Ali Cloud DataWorks team – Qin Qi

What is code defect detection?

When doing a CodeReview (CR), you must think: why do I have to do this by hand every time? Can a machine do it instead of a man? After investigation, I came to the conclusion that at present, machines cannot completely replace manual labor, but some auxiliary work can be done to improve the efficiency of manual CR. For example, some algorithms or rules can be used to automatically discover hidden defects in the code, which involves the technology related to code defect detection. There are two ways of defect detection: one is to only predict whether there is a defect; the other is to identify the defect and locate it in a specific location. Both ideas are useful to developers, and finding problems in your code early can save a lot of effort and cost. In addition, there are also researches related to defect repair, which can provide repaired patches for defects to realize automatic defect repair.

Development of code defect detection

With the development of software testing technology, there are many researches on defect detection technology. Effective defect detection can improve the efficiency of software testing.
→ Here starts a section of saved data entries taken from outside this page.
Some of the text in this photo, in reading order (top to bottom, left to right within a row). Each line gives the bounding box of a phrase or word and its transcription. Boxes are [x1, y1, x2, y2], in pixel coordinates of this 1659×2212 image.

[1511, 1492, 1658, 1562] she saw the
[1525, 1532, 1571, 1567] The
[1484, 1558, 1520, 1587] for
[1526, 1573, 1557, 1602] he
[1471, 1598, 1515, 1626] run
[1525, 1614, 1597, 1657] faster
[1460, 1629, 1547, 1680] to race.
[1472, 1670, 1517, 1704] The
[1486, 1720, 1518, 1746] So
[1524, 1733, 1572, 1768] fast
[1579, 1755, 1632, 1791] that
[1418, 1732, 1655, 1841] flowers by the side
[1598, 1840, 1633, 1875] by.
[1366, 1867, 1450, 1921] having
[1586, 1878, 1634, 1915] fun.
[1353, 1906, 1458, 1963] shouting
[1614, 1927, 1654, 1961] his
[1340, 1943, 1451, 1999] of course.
The development of defect detection technology can be divided into the following types:

  • At the beginning, people summed up some obvious characteristics according to the history of defects, such as the number of file modifications, code complexity, etc. If the subsequent development encountered similar characteristics of the code file, it needs to focus on the probability of defects.
  • Later, fixed writing methods or rules for common defects were summarized, and the current common defect detection method based on static rules emerged, which can detect the specified defect type. Even this ability has been integrated into the development stage, and real-time detection can be carried out during development to avoid problems as soon as possible.
  • With the rapid development of deep learning technology in recent years, many people also apply this technology in defect detection. Through training based on meta-information or code information of historical defect data, code files can be predicted and identified with specified defects.
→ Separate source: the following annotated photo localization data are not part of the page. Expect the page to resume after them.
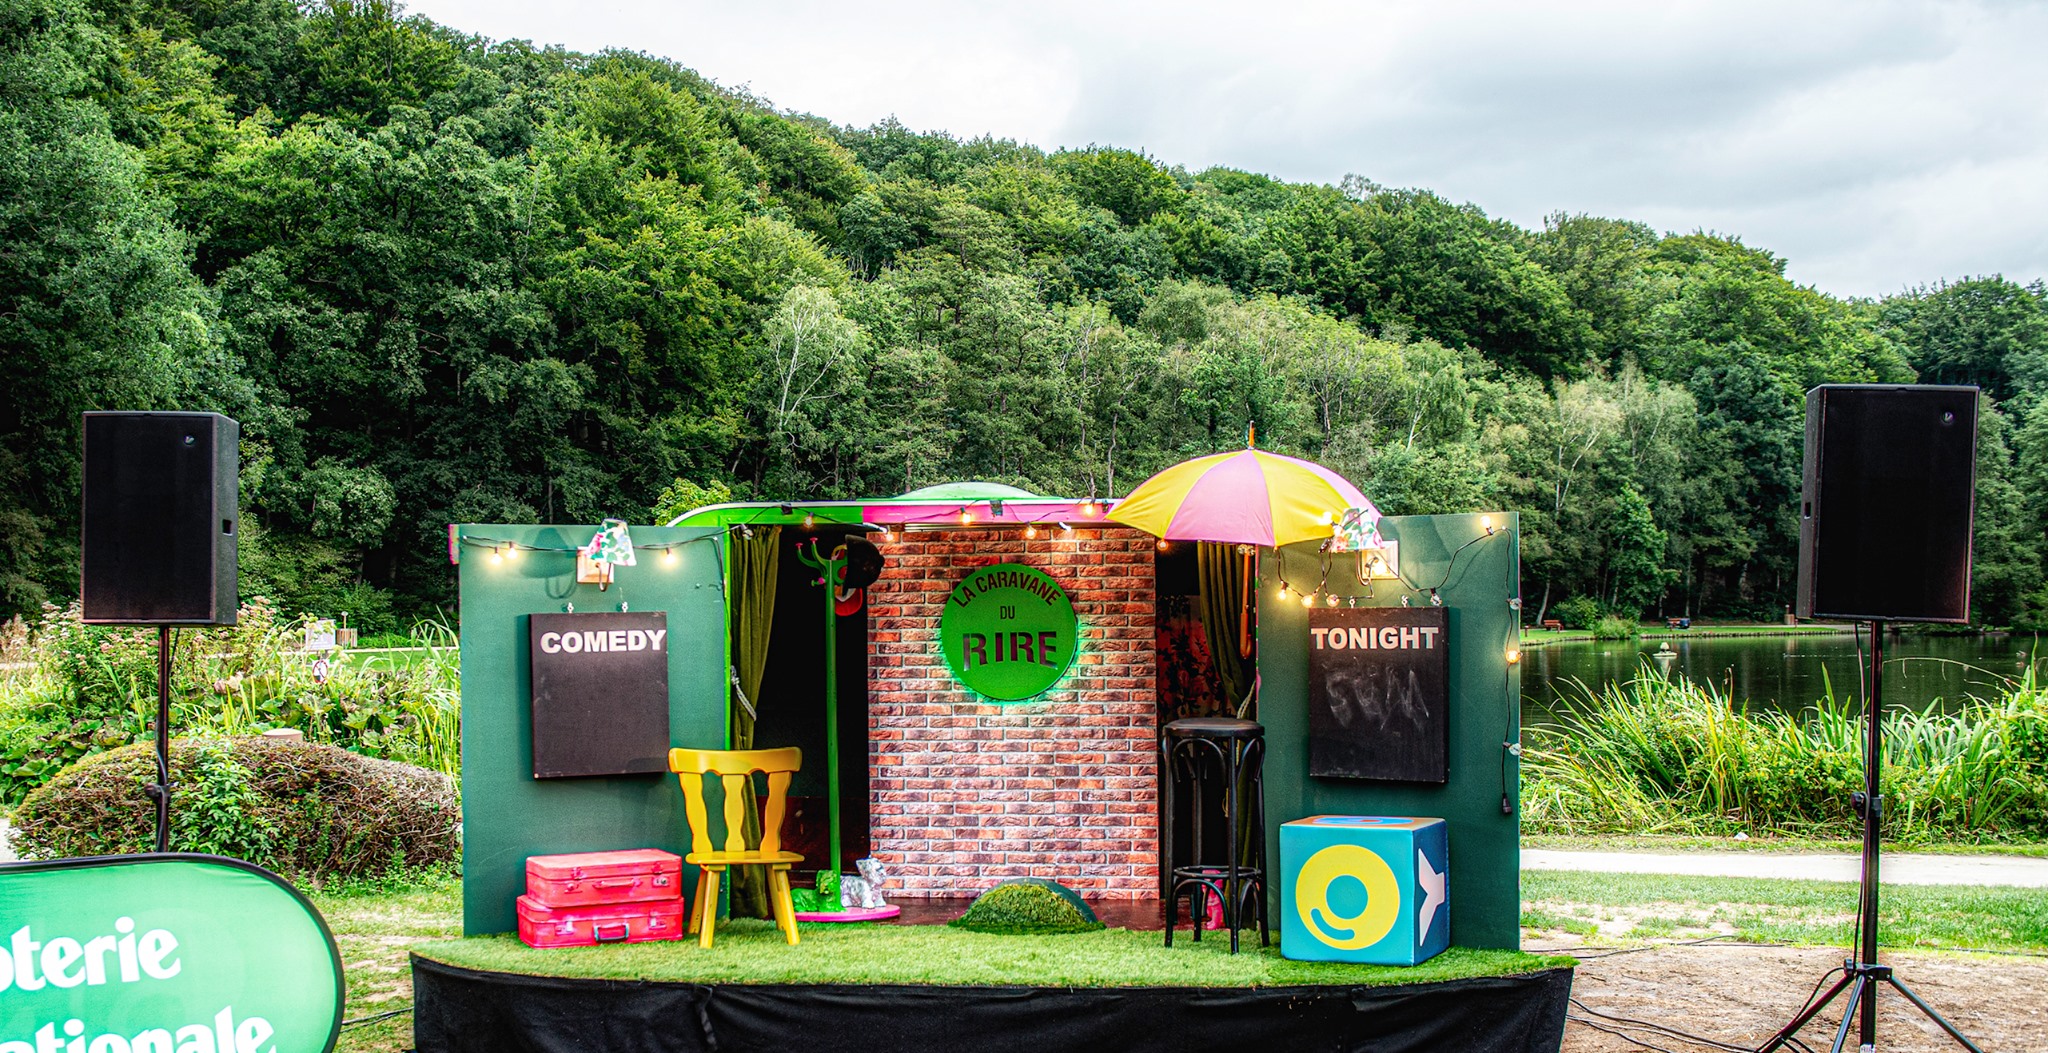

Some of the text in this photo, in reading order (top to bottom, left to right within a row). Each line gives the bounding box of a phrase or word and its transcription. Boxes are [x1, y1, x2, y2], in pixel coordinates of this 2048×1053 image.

[952, 571, 1062, 608] LA CARAVANE
[1000, 605, 1015, 620] DU
[540, 629, 667, 653] COMEDY
[962, 631, 1059, 671] RIRE
[1310, 626, 1439, 650] TONIGHT
[0, 1005, 277, 1053] tinale
Representative product and technical analysis

Here are a few representative products and technologies in the field of code defect detection.
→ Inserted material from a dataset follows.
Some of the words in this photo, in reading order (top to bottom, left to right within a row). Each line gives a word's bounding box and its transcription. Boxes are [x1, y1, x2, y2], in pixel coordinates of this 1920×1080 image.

Infer and Getafix (Facebook)

These are defect detection and self-repair tools owned by Facebook.

Infer is a code static analysis tool that can discover defects in code before release. Currently, Infer is open source on Github and owns 12K STAR. It is a defect detection tool for Java, C/C++, Objective-C and other languages. For Java code, it can find null-pointer exceptions, resource leaks, and many other defects. Infer’s general workflow can be divided into two stages: Capture and Analysis. Infer compiles the code into an internal intermediate language during the capture phase. Then, during the analysis phase, Infer analyzes and detects each function and method individually. When bugs are found, Infer will terminate the method without affecting the analysis of other methods. You can run the analysis command multiple times until no bugs are detected. Refer to the following figure:


Infer Run — javac hello. Java to see the output:


You can try it out briefly here.

Getafix is a bug fix tool that can recommend trusted fixes to flaws discovered by Infer and has been deployed in Facebook apps. Getafix works by applying a new hierarchical clustering algorithm to thousands of Code changes developers have made in the past, looking at both the Change itself and the context around the Change to provide accurate fix suggestions.

ClusterFuzz (Google)

Google ClusterFuzz uses Fuzzing theory to detect software security and stability problems. Fuzzing technology is a black-box based testing technology that automatically generates and executes a large number of random test cases to discover unknown vulnerabilities in a product or protocol. As of February 2021, ClusterFuzz has found nearly 29,000 bugs in Google products and more than 26,000 bugs in open source products. For detailed structure, please refer to the following figure:


SonarQube

SonarQube is known as a real-time code review tool based on static analysis rules for easy local integration. It supports thousands of related rules and supports 27 programming languages, including JS and TS. It detects code quality based on seven dimensions: complexity distribution, duplicate code, unit test statistics, code rule checking, comment rate, potential bugs, and structure and design. Bugs are detected by tools such as Findbugs, PMD and CheckStyle. In addition to deploying server versions, SonarQube also provides lightweight IDE plug-ins, such as the SonarLint plugin in VsCode that supports encoding formats and defect detection in multiple languages.

PRECFIX (Alibaba)

PRECFIX (Patch Recommendation by Empirically Clustering) is a code defect detection and repair tool proposed by Alibaba engineers. It extracts “defect repair pairs”, i.e. fragments before and after defect repair, based on code submission data. Similar “defect repair pairs” are then clustered and extracted into templates. Then the source code is scanned and matched according to the template content, so as to recommend the corresponding repair suggestions.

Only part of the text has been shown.